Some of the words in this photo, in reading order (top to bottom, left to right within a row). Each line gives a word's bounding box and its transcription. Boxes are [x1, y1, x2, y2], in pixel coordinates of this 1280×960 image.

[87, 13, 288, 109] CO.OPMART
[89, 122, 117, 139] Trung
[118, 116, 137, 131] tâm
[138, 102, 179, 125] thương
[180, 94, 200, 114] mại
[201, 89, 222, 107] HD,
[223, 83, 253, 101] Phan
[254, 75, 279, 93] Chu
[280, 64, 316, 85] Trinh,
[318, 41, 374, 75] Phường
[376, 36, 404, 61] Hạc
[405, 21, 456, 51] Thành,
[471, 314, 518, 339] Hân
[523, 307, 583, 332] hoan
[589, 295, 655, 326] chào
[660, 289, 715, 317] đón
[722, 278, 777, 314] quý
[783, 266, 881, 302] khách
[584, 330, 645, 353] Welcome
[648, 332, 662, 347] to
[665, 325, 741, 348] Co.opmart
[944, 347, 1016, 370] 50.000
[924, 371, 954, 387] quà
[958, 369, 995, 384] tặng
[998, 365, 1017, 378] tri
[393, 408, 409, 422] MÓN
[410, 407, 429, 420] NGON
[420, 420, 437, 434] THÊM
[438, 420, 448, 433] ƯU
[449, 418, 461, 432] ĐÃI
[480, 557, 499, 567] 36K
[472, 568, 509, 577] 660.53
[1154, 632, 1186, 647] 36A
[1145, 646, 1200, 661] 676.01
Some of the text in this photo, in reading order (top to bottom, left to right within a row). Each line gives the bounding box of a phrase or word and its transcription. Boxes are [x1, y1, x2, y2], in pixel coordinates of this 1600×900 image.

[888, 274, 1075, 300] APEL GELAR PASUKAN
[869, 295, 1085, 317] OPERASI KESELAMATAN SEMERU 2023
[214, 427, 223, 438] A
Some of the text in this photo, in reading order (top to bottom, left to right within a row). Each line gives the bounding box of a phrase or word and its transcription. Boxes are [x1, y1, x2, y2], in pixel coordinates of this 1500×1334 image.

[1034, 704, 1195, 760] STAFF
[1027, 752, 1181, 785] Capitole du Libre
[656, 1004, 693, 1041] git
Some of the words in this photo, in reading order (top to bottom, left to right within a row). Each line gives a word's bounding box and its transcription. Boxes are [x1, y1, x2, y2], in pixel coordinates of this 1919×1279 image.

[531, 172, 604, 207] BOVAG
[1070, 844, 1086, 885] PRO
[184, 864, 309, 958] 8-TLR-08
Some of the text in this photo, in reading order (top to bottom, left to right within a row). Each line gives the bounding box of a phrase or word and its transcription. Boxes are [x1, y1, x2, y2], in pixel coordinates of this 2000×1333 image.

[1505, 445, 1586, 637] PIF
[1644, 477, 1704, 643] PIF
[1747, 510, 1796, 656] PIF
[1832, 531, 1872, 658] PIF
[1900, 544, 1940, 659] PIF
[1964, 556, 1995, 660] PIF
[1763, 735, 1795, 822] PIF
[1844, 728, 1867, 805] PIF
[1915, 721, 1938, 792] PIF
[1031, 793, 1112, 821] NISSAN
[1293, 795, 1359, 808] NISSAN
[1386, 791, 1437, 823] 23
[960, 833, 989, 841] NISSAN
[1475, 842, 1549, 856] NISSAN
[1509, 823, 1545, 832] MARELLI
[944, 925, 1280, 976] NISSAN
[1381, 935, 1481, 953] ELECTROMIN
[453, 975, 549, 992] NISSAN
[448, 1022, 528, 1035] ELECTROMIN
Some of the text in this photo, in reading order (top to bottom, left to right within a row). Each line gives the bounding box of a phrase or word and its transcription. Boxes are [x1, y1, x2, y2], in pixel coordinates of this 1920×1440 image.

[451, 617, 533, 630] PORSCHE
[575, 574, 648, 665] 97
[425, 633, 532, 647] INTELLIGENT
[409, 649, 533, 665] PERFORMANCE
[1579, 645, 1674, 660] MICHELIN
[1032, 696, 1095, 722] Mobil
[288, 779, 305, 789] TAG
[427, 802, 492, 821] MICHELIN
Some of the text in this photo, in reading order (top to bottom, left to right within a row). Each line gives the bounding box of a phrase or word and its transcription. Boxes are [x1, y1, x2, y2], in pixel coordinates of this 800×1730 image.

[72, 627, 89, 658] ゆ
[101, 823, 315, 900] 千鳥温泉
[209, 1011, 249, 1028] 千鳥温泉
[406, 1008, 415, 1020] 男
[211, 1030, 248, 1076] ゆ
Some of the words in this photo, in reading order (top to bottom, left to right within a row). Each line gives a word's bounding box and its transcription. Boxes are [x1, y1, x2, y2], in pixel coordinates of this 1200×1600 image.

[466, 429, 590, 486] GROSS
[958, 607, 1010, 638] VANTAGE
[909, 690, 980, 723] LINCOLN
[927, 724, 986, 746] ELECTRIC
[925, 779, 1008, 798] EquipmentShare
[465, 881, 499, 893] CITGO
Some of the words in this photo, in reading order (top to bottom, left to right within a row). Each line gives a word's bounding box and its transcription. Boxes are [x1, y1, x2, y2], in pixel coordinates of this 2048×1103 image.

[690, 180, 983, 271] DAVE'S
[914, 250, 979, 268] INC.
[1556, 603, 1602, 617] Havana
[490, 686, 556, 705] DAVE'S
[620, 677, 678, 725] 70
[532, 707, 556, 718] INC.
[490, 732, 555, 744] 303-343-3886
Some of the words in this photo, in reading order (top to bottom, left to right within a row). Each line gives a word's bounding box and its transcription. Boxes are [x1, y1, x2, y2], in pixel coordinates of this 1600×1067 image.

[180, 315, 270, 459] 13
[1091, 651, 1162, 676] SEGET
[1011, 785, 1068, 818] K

Task to carry out: Copy each record from above exactly, and include every line.

Written answer:
Some of the words in this photo, in reading order (top to bottom, left to right within a row). Each line gives a word's bounding box and its transcription. Boxes are [x1, y1, x2, y2], in pixel coordinates of this 1280×960 image.

[87, 13, 288, 109] CO.OPMART
[89, 122, 117, 139] Trung
[118, 116, 137, 131] tâm
[138, 102, 179, 125] thương
[180, 94, 200, 114] mại
[201, 89, 222, 107] HD,
[223, 83, 253, 101] Phan
[254, 75, 279, 93] Chu
[280, 64, 316, 85] Trinh,
[318, 41, 374, 75] Phường
[376, 36, 404, 61] Hạc
[405, 21, 456, 51] Thành,
[471, 314, 518, 339] Hân
[523, 307, 583, 332] hoan
[589, 295, 655, 326] chào
[660, 289, 715, 317] đón
[722, 278, 777, 314] quý
[783, 266, 881, 302] khách
[584, 330, 645, 353] Welcome
[648, 332, 662, 347] to
[665, 325, 741, 348] Co.opmart
[944, 347, 1016, 370] 50.000
[924, 371, 954, 387] quà
[958, 369, 995, 384] tặng
[998, 365, 1017, 378] tri
[393, 408, 409, 422] MÓN
[410, 407, 429, 420] NGON
[420, 420, 437, 434] THÊM
[438, 420, 448, 433] ƯU
[449, 418, 461, 432] ĐÃI
[480, 557, 499, 567] 36K
[472, 568, 509, 577] 660.53
[1154, 632, 1186, 647] 36A
[1145, 646, 1200, 661] 676.01
Some of the text in this photo, in reading order (top to bottom, left to right within a row). Each line gives the bounding box of a phrase or word and its transcription. Boxes are [x1, y1, x2, y2], in pixel coordinates of this 1600×900 image.

[888, 274, 1075, 300] APEL GELAR PASUKAN
[869, 295, 1085, 317] OPERASI KESELAMATAN SEMERU 2023
[214, 427, 223, 438] A
Some of the text in this photo, in reading order (top to bottom, left to right within a row). Each line gives the bounding box of a phrase or word and its transcription. Boxes are [x1, y1, x2, y2], in pixel coordinates of this 1500×1334 image.

[1034, 704, 1195, 760] STAFF
[1027, 752, 1181, 785] Capitole du Libre
[656, 1004, 693, 1041] git
Some of the words in this photo, in reading order (top to bottom, left to right within a row). Each line gives a word's bounding box and its transcription. Boxes are [x1, y1, x2, y2], in pixel coordinates of this 1919×1279 image.

[531, 172, 604, 207] BOVAG
[1070, 844, 1086, 885] PRO
[184, 864, 309, 958] 8-TLR-08
Some of the text in this photo, in reading order (top to bottom, left to right within a row). Each line gives the bounding box of a phrase or word and its transcription. Boxes are [x1, y1, x2, y2], in pixel coordinates of this 2000×1333 image.

[1505, 445, 1586, 637] PIF
[1644, 477, 1704, 643] PIF
[1747, 510, 1796, 656] PIF
[1832, 531, 1872, 658] PIF
[1900, 544, 1940, 659] PIF
[1964, 556, 1995, 660] PIF
[1763, 735, 1795, 822] PIF
[1844, 728, 1867, 805] PIF
[1915, 721, 1938, 792] PIF
[1031, 793, 1112, 821] NISSAN
[1293, 795, 1359, 808] NISSAN
[1386, 791, 1437, 823] 23
[960, 833, 989, 841] NISSAN
[1475, 842, 1549, 856] NISSAN
[1509, 823, 1545, 832] MARELLI
[944, 925, 1280, 976] NISSAN
[1381, 935, 1481, 953] ELECTROMIN
[453, 975, 549, 992] NISSAN
[448, 1022, 528, 1035] ELECTROMIN
Some of the text in this photo, in reading order (top to bottom, left to right within a row). Each line gives the bounding box of a phrase or word and its transcription. Boxes are [x1, y1, x2, y2], in pixel coordinates of this 1920×1440 image.

[451, 617, 533, 630] PORSCHE
[575, 574, 648, 665] 97
[425, 633, 532, 647] INTELLIGENT
[409, 649, 533, 665] PERFORMANCE
[1579, 645, 1674, 660] MICHELIN
[1032, 696, 1095, 722] Mobil
[288, 779, 305, 789] TAG
[427, 802, 492, 821] MICHELIN
Some of the text in this photo, in reading order (top to bottom, left to right within a row). Each line gives the bounding box of a phrase or word and its transcription. Boxes are [x1, y1, x2, y2], in pixel coordinates of this 800×1730 image.

[72, 627, 89, 658] ゆ
[101, 823, 315, 900] 千鳥温泉
[209, 1011, 249, 1028] 千鳥温泉
[406, 1008, 415, 1020] 男
[211, 1030, 248, 1076] ゆ
Some of the words in this photo, in reading order (top to bottom, left to right within a row). Each line gives a word's bounding box and its transcription. Boxes are [x1, y1, x2, y2], in pixel coordinates of this 1200×1600 image.

[466, 429, 590, 486] GROSS
[958, 607, 1010, 638] VANTAGE
[909, 690, 980, 723] LINCOLN
[927, 724, 986, 746] ELECTRIC
[925, 779, 1008, 798] EquipmentShare
[465, 881, 499, 893] CITGO
Some of the words in this photo, in reading order (top to bottom, left to right within a row). Each line gives a word's bounding box and its transcription. Boxes are [x1, y1, x2, y2], in pixel coordinates of this 2048×1103 image.

[690, 180, 983, 271] DAVE'S
[914, 250, 979, 268] INC.
[1556, 603, 1602, 617] Havana
[490, 686, 556, 705] DAVE'S
[620, 677, 678, 725] 70
[532, 707, 556, 718] INC.
[490, 732, 555, 744] 303-343-3886
Some of the words in this photo, in reading order (top to bottom, left to right within a row). Each line gives a word's bounding box and its transcription. Boxes are [x1, y1, x2, y2], in pixel coordinates of this 1600×1067 image.

[180, 315, 270, 459] 13
[1091, 651, 1162, 676] SEGET
[1011, 785, 1068, 818] K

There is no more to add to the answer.